(Extracted material)
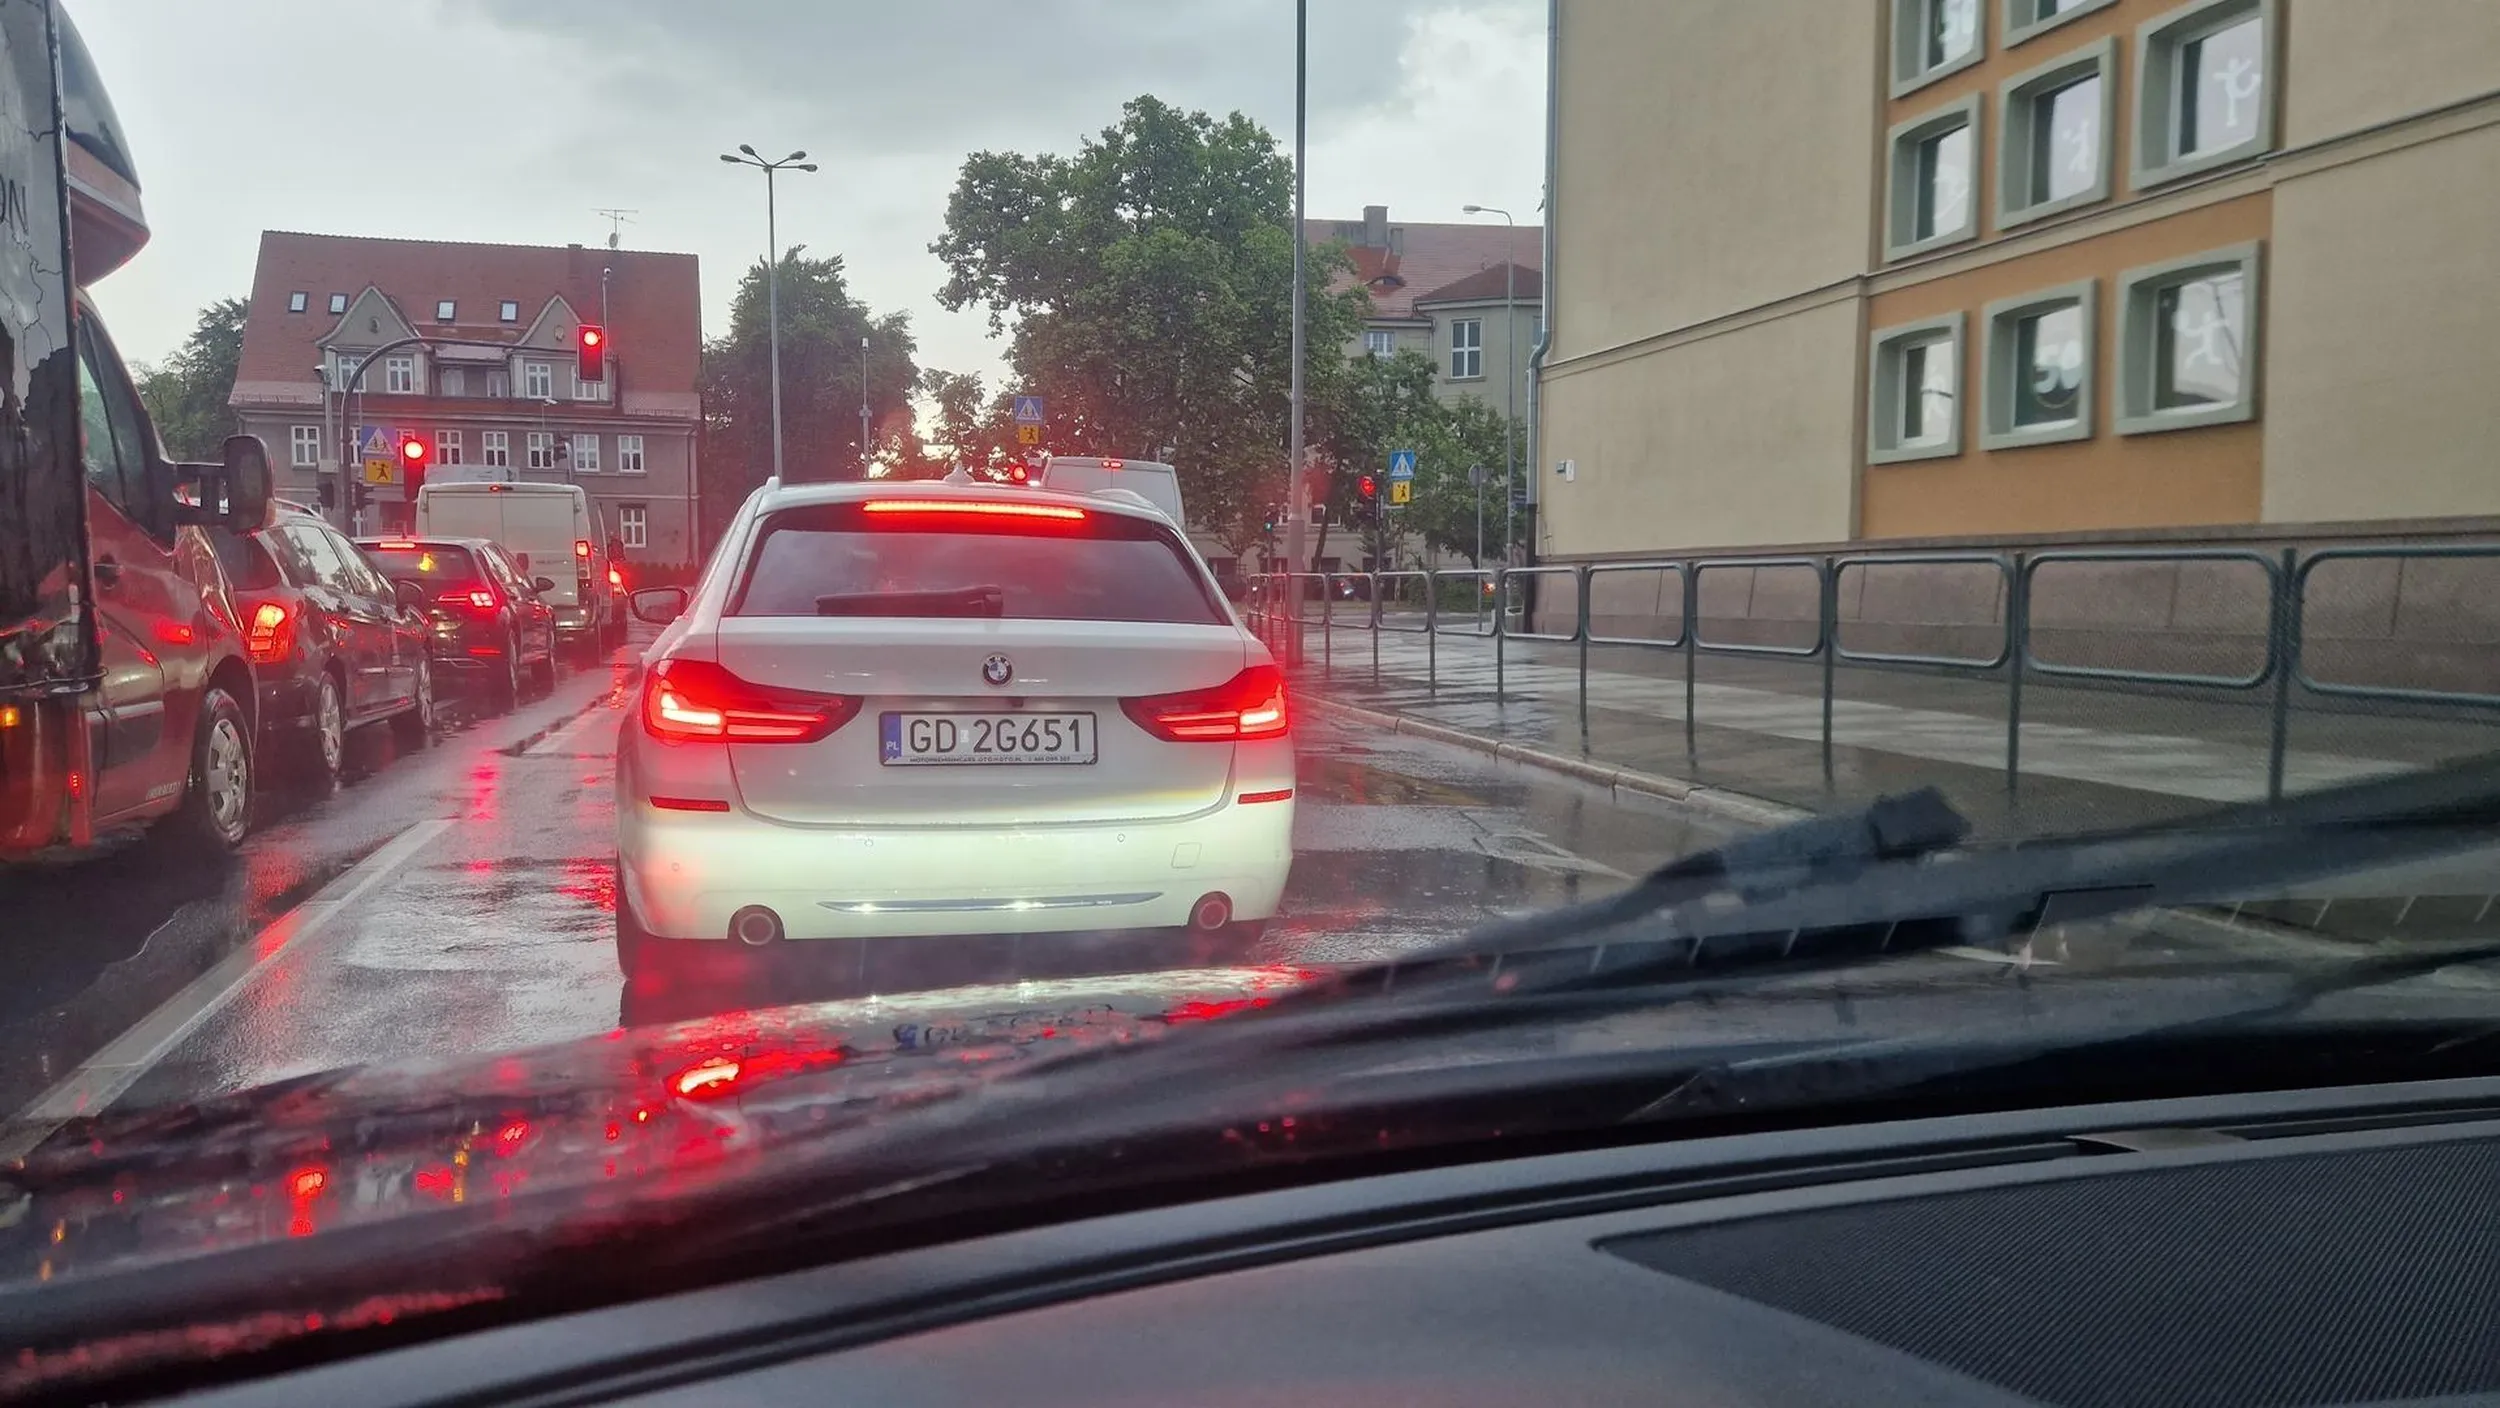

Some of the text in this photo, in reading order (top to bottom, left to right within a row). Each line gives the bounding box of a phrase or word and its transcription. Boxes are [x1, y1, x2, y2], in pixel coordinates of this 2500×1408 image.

[886, 740, 900, 751] PL
[910, 718, 1080, 753] GD 2G651
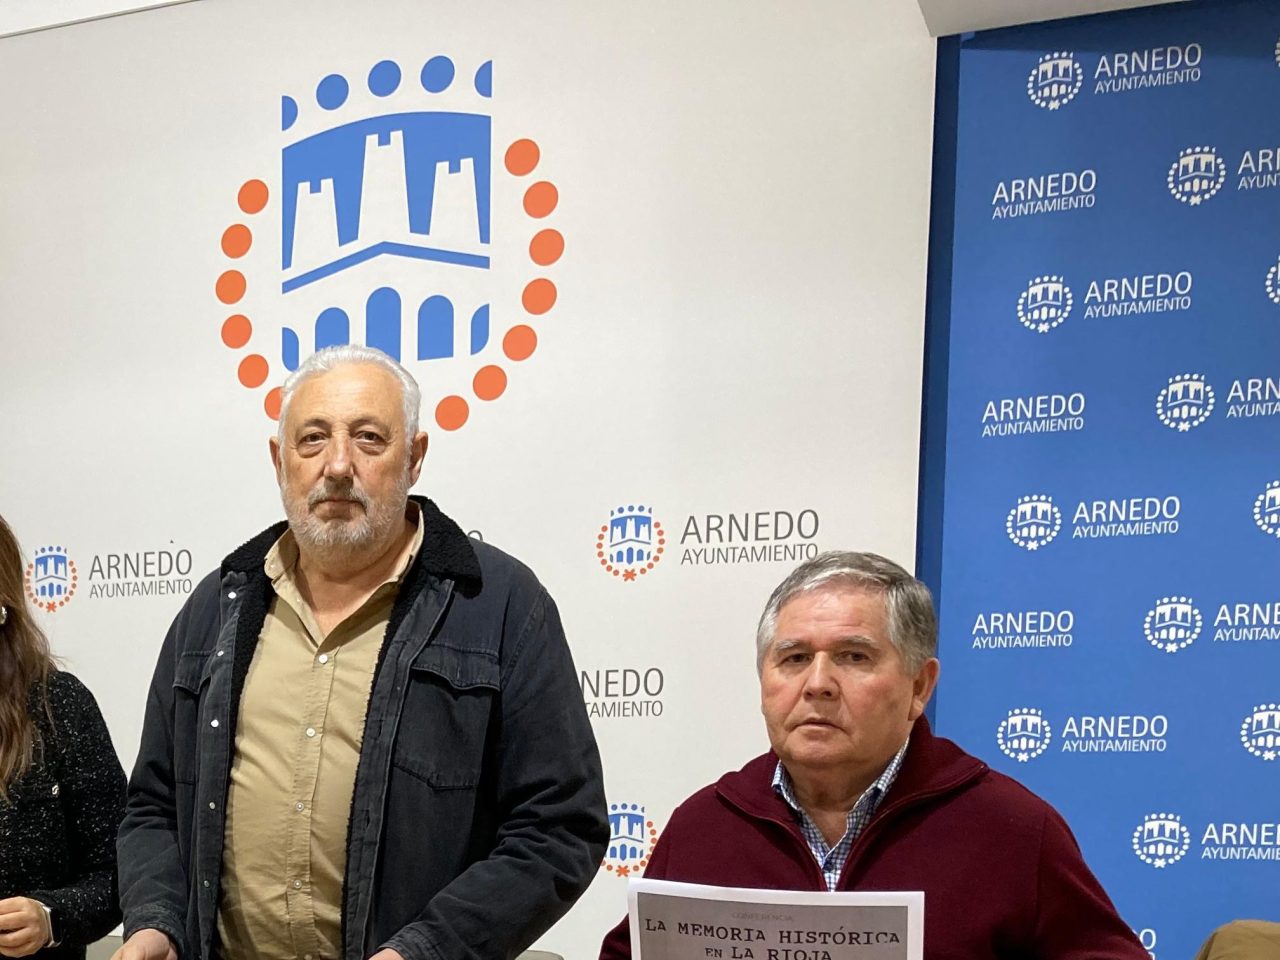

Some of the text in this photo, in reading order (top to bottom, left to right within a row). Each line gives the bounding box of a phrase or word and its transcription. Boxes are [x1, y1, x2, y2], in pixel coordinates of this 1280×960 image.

[1095, 43, 1201, 78] ARNEDO
[1095, 68, 1201, 94] AYUNTAMIENTO
[992, 170, 1096, 205] ARNEDO
[992, 194, 1095, 219] AYUNTAMIENTO
[1084, 272, 1192, 303] ARNEDO
[1084, 296, 1191, 319] AYUNTAMIENTO
[982, 393, 1085, 423] ARNEDO
[982, 416, 1084, 437] AYUNTAMIENTO
[1072, 497, 1180, 524] ARNEDO
[680, 509, 819, 544] ARNEDO
[1072, 520, 1178, 539] AYUNTAMIENTO
[89, 549, 192, 580] ARNEDO
[681, 543, 818, 565] AYUNTAMIENTO
[90, 579, 192, 598] AYUNTAMIENTO
[972, 610, 1074, 636] ARNEDO
[972, 634, 1072, 649] AYUNTAMIENTO
[1062, 715, 1168, 738] ARNEDO
[1062, 738, 1166, 753] AYUNTAMIENTO
[646, 919, 900, 945] LA MEMORIA HISTÓRICA
[705, 948, 722, 958] EN
[732, 947, 754, 960] LA
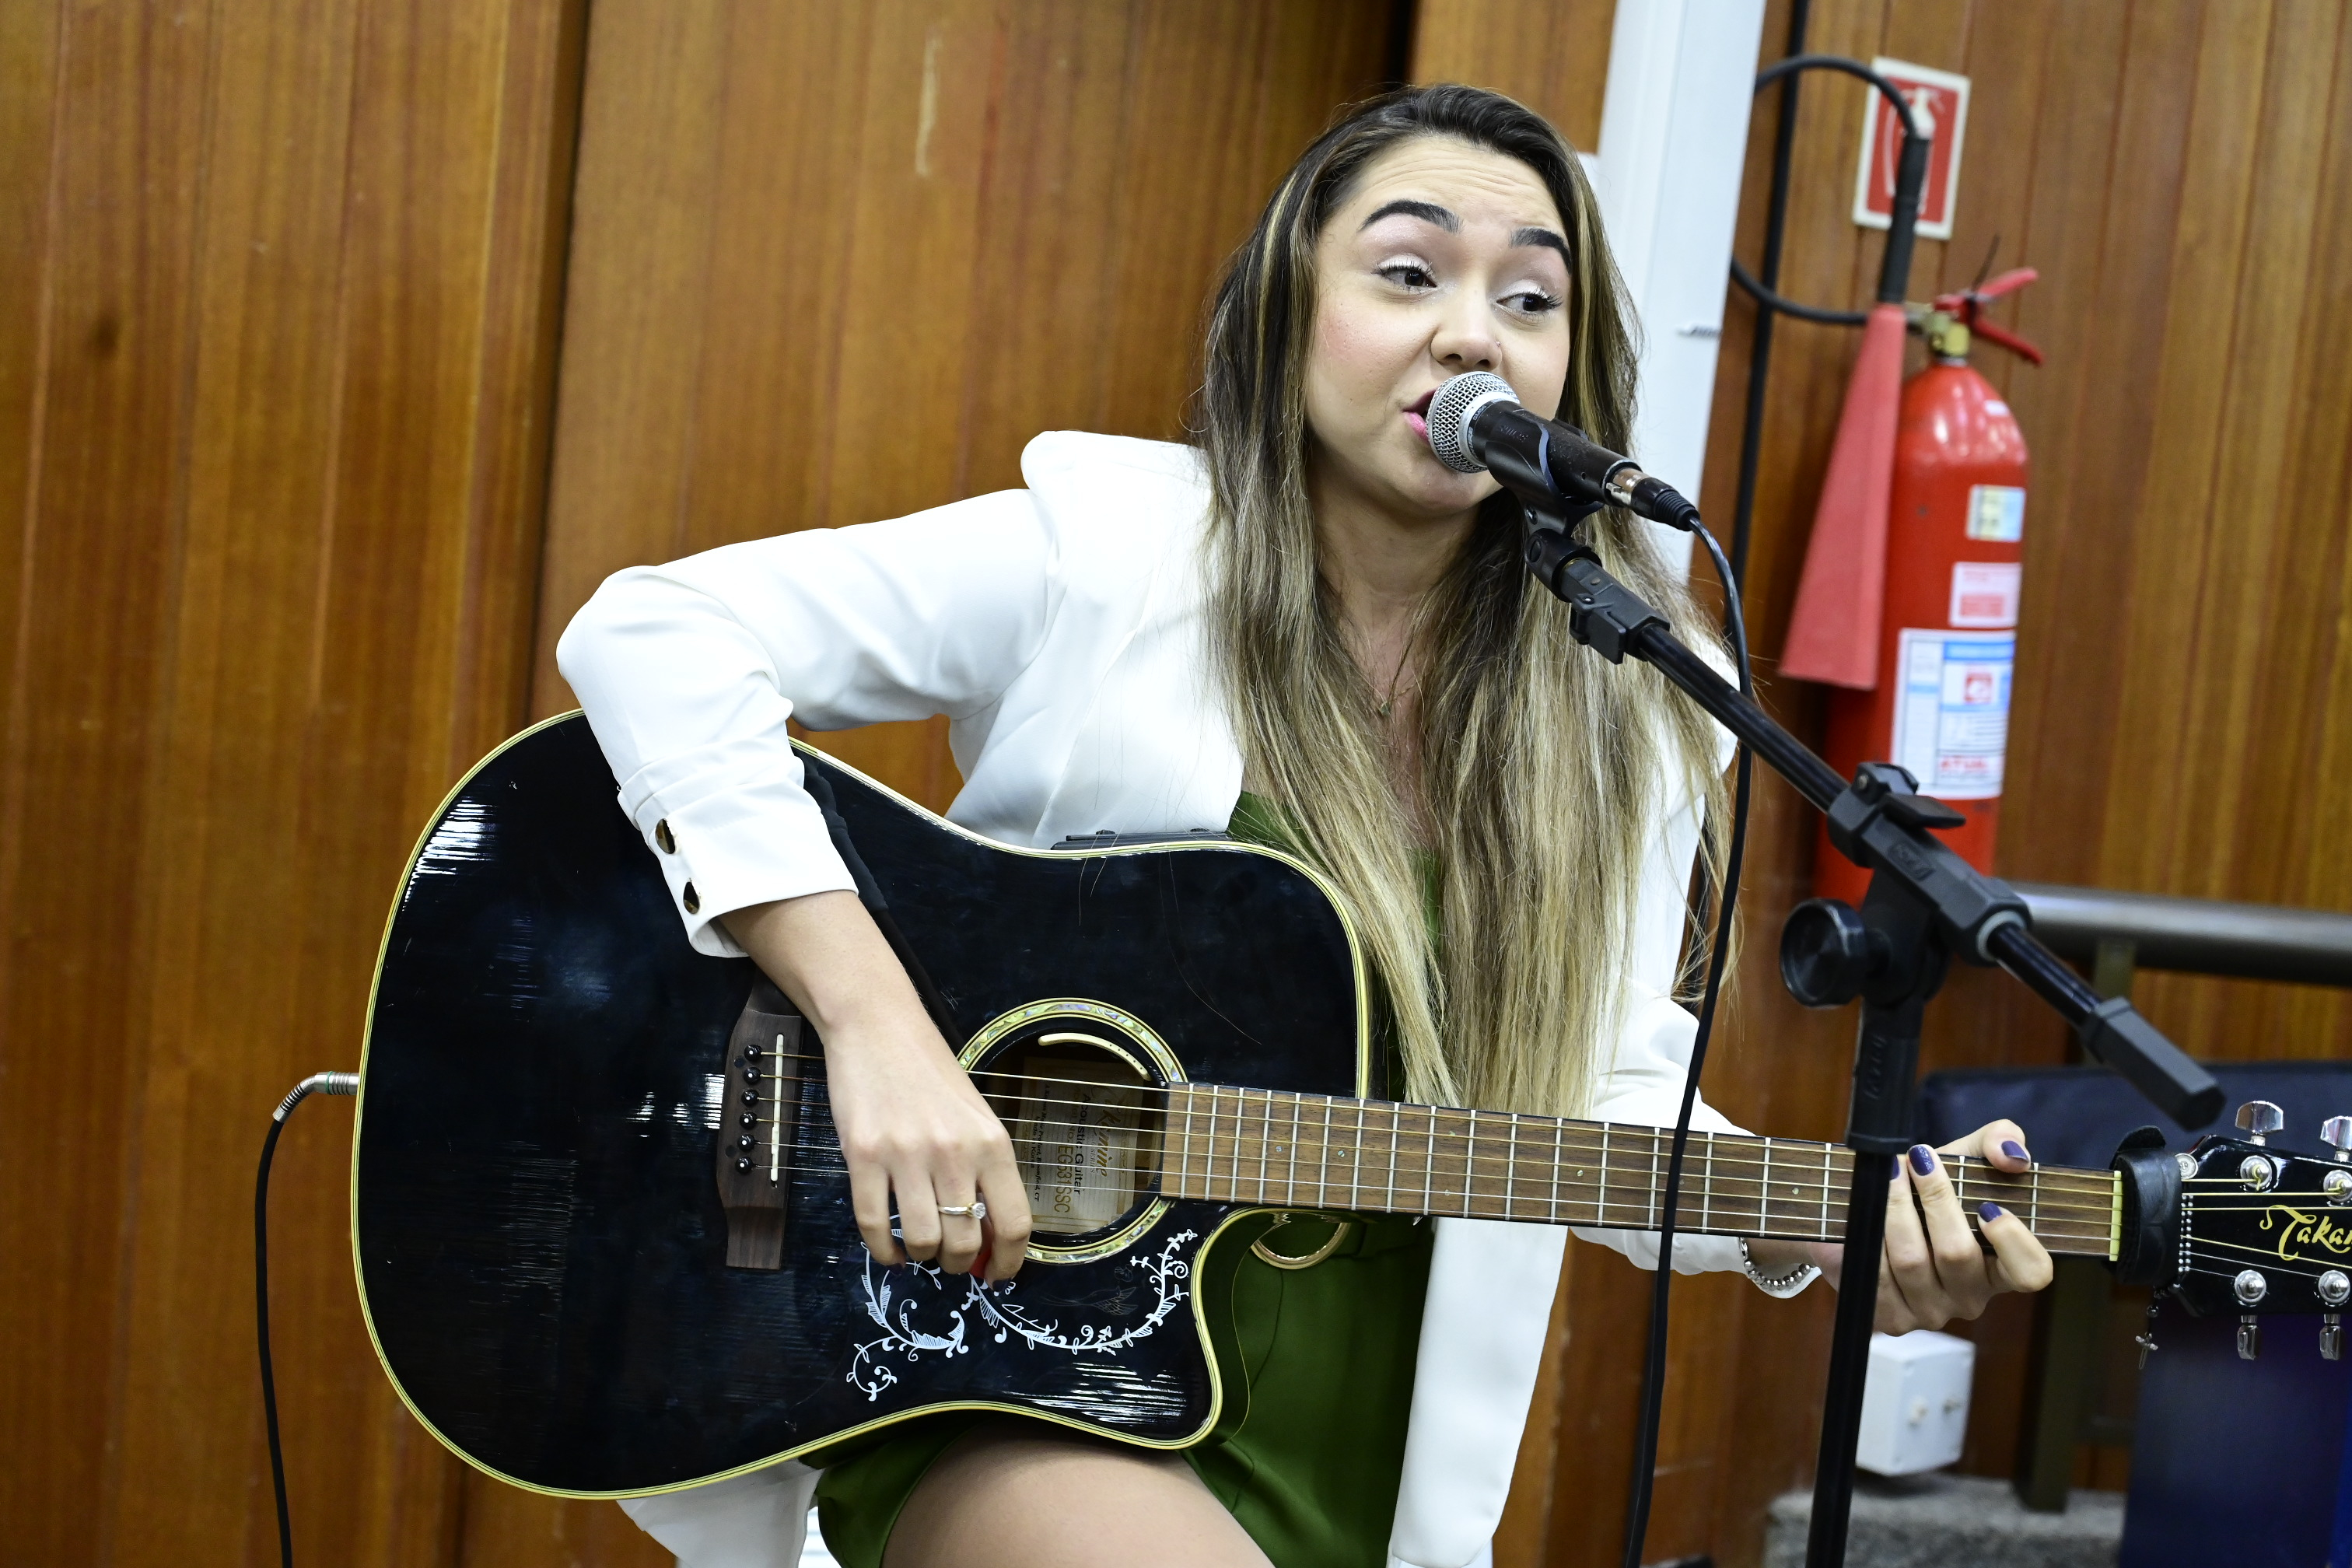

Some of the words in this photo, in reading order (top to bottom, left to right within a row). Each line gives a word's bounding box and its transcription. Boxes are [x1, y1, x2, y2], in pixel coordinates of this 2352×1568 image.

[1076, 1094, 1090, 1149] Acoustic
[1053, 1146, 1073, 1213] EG531SSC
[1074, 1153, 1083, 1195] Guitar
(End Extracted material)
- [About this exercise] An exact, picture-free copy of the entries is required.

- [Written answer]
Some of the text in this photo, in reading order (top to bottom, left to right within a row). Each line gives the bounding box of a phrase or word and its transcription. Boxes are [x1, y1, x2, y2], in pixel coordinates of this 2500×1408 image.

[886, 740, 900, 751] PL
[910, 718, 1080, 753] GD 2G651

Some of the text in this photo, in reading order (top to bottom, left to right within a row). Each line gives the bounding box of a phrase or word and its transcription. Boxes are [x1, y1, x2, y2], in pixel coordinates of this 1280×960 image.

[1095, 43, 1201, 78] ARNEDO
[1095, 68, 1201, 94] AYUNTAMIENTO
[992, 170, 1096, 205] ARNEDO
[992, 194, 1095, 219] AYUNTAMIENTO
[1084, 272, 1192, 303] ARNEDO
[1084, 296, 1191, 319] AYUNTAMIENTO
[982, 393, 1085, 423] ARNEDO
[982, 416, 1084, 437] AYUNTAMIENTO
[1072, 497, 1180, 524] ARNEDO
[680, 509, 819, 544] ARNEDO
[1072, 520, 1178, 539] AYUNTAMIENTO
[89, 549, 192, 580] ARNEDO
[681, 543, 818, 565] AYUNTAMIENTO
[90, 579, 192, 598] AYUNTAMIENTO
[972, 610, 1074, 636] ARNEDO
[972, 634, 1072, 649] AYUNTAMIENTO
[1062, 715, 1168, 738] ARNEDO
[1062, 738, 1166, 753] AYUNTAMIENTO
[646, 919, 900, 945] LA MEMORIA HISTÓRICA
[705, 948, 722, 958] EN
[732, 947, 754, 960] LA

Some of the words in this photo, in reading order (top to bottom, left to right within a row). Each line gives a word's bounding box and its transcription. Boxes are [x1, y1, x2, y2], in pixel coordinates of this 2352×1568 image.

[1076, 1094, 1090, 1149] Acoustic
[1053, 1146, 1073, 1213] EG531SSC
[1074, 1153, 1083, 1195] Guitar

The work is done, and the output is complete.